**Exercise aim**
Where the data below contains pictures, omit them; output the rest word for word.

**Supplied records**
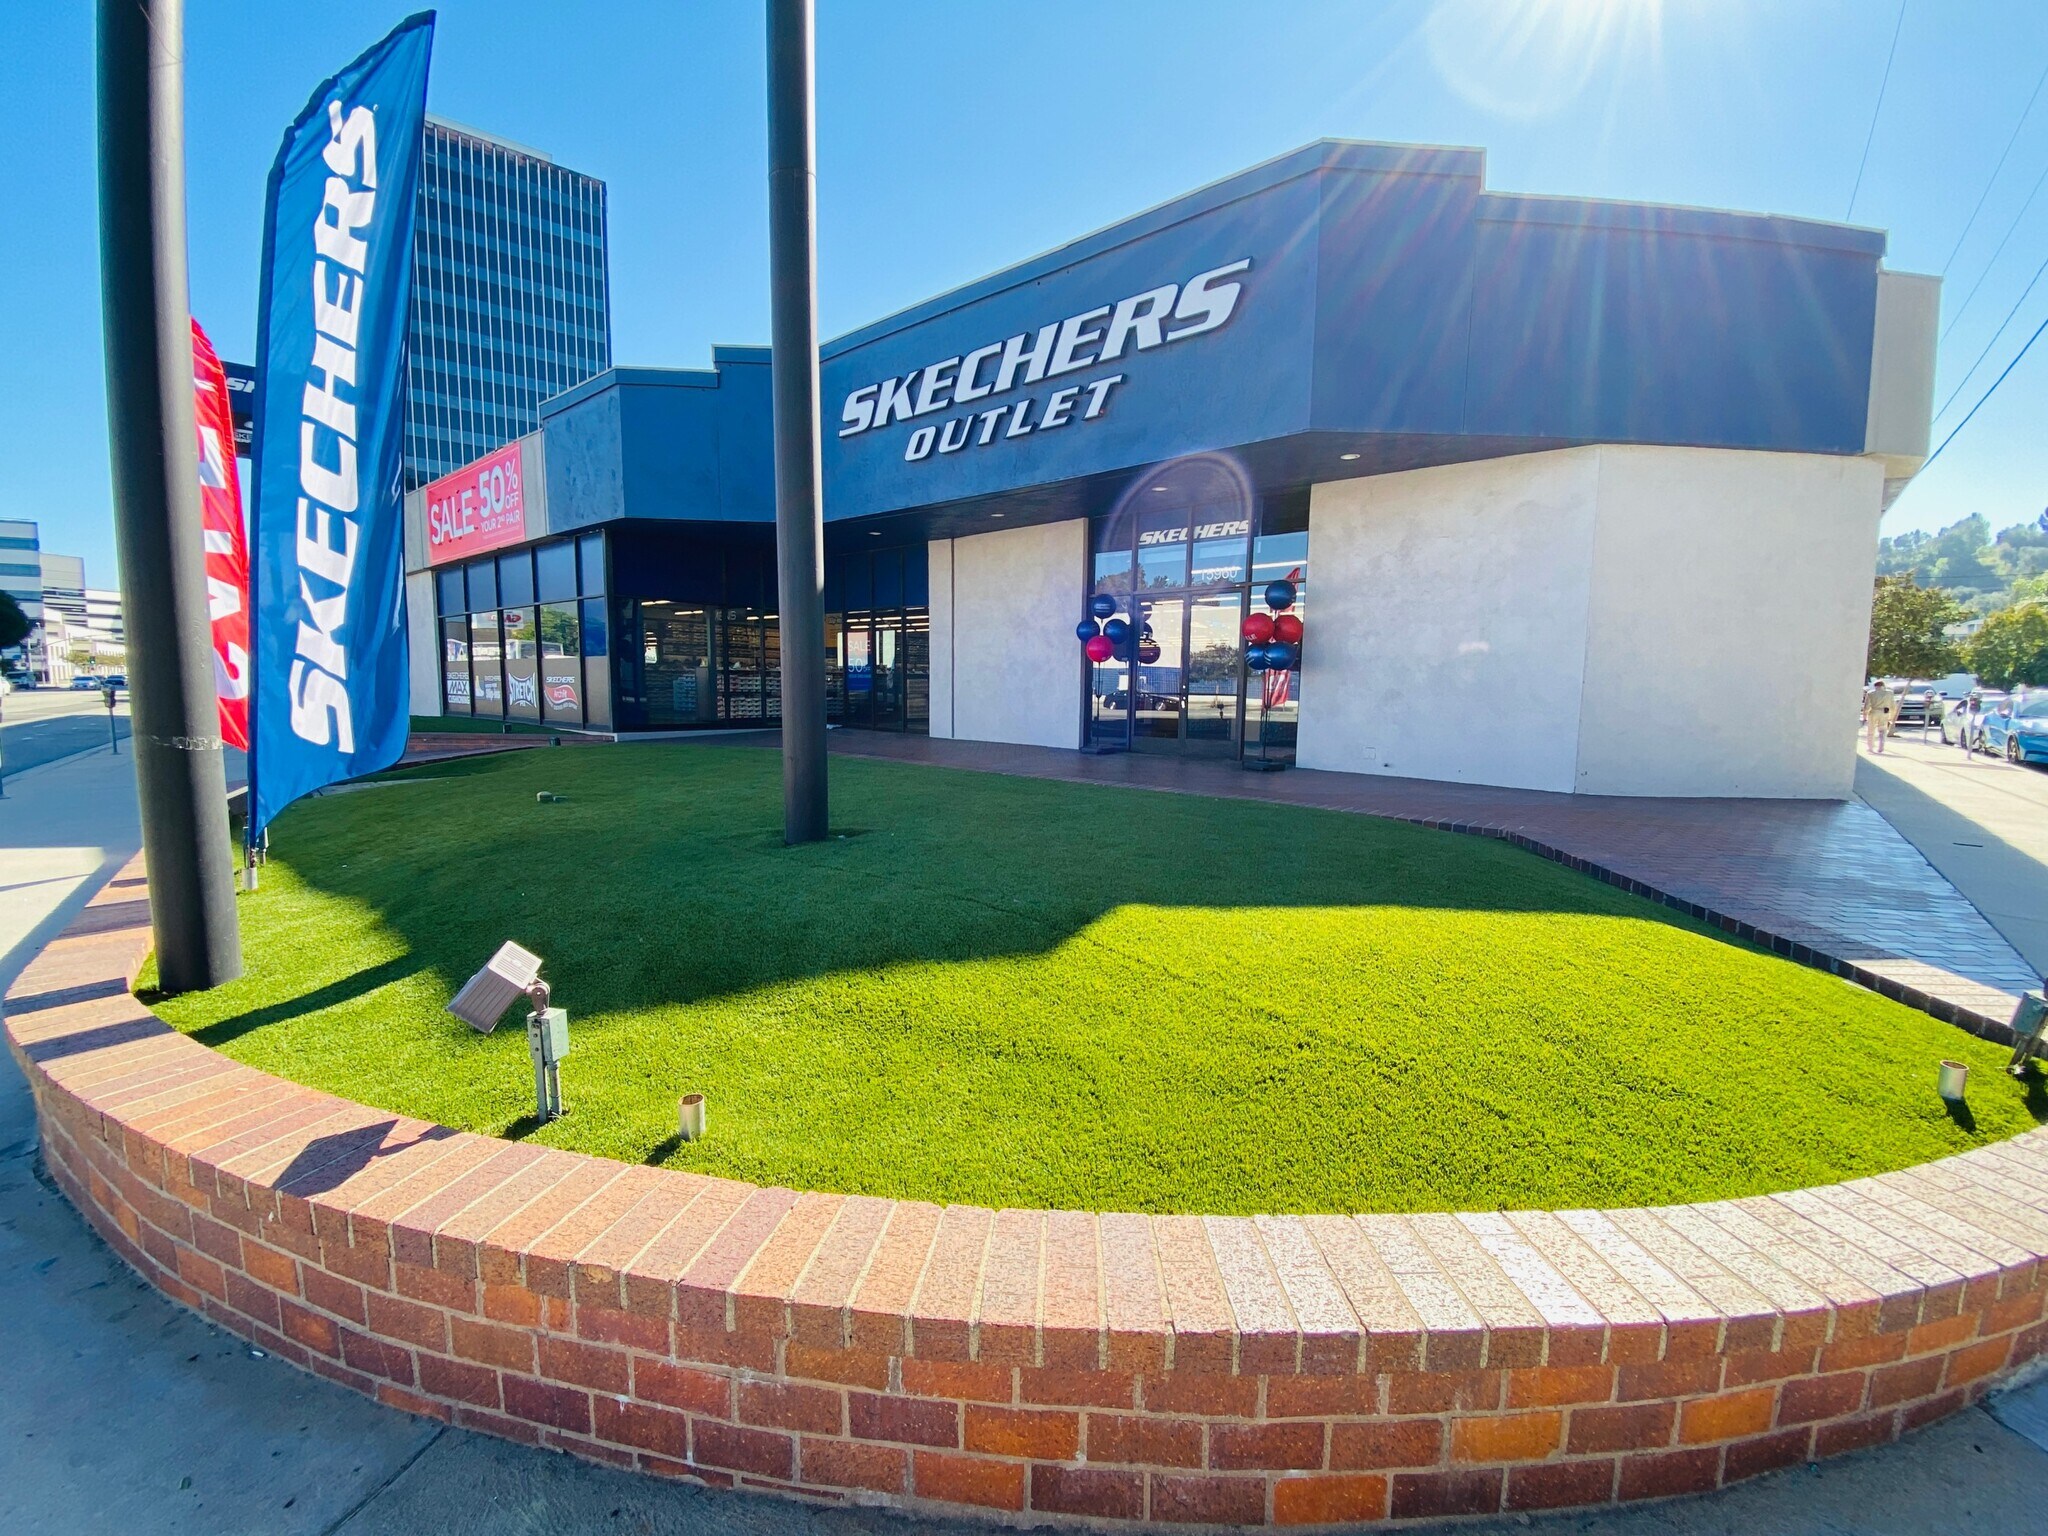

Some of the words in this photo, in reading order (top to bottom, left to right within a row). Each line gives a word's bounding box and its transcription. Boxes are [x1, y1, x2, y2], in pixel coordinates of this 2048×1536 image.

[838, 257, 1252, 438] SKECHERS
[289, 100, 377, 753] SKECHERS
[905, 374, 1126, 462] OUTLET
[431, 489, 475, 545] SALE
[479, 459, 518, 517] 50%
[505, 492, 518, 509] OFF
[481, 518, 496, 533] YOUR
[506, 509, 520, 525] PAIR
[1201, 568, 1238, 580] 15960
[848, 640, 871, 651] SALE
[448, 681, 469, 695] MAX
[508, 672, 536, 706] STRETCH

**Written reply**
Some of the words in this photo, in reading order (top to bottom, left to right within a row). Each line gives a word's bounding box and its transcription. Boxes are [x1, y1, x2, y2], in pixel coordinates of this 2048×1536 image.

[838, 257, 1252, 438] SKECHERS
[289, 100, 377, 753] SKECHERS
[905, 374, 1126, 462] OUTLET
[431, 489, 475, 545] SALE
[479, 459, 518, 517] 50%
[505, 492, 518, 509] OFF
[481, 518, 496, 533] YOUR
[506, 509, 520, 525] PAIR
[1201, 568, 1238, 580] 15960
[848, 640, 871, 651] SALE
[448, 681, 469, 695] MAX
[508, 672, 536, 706] STRETCH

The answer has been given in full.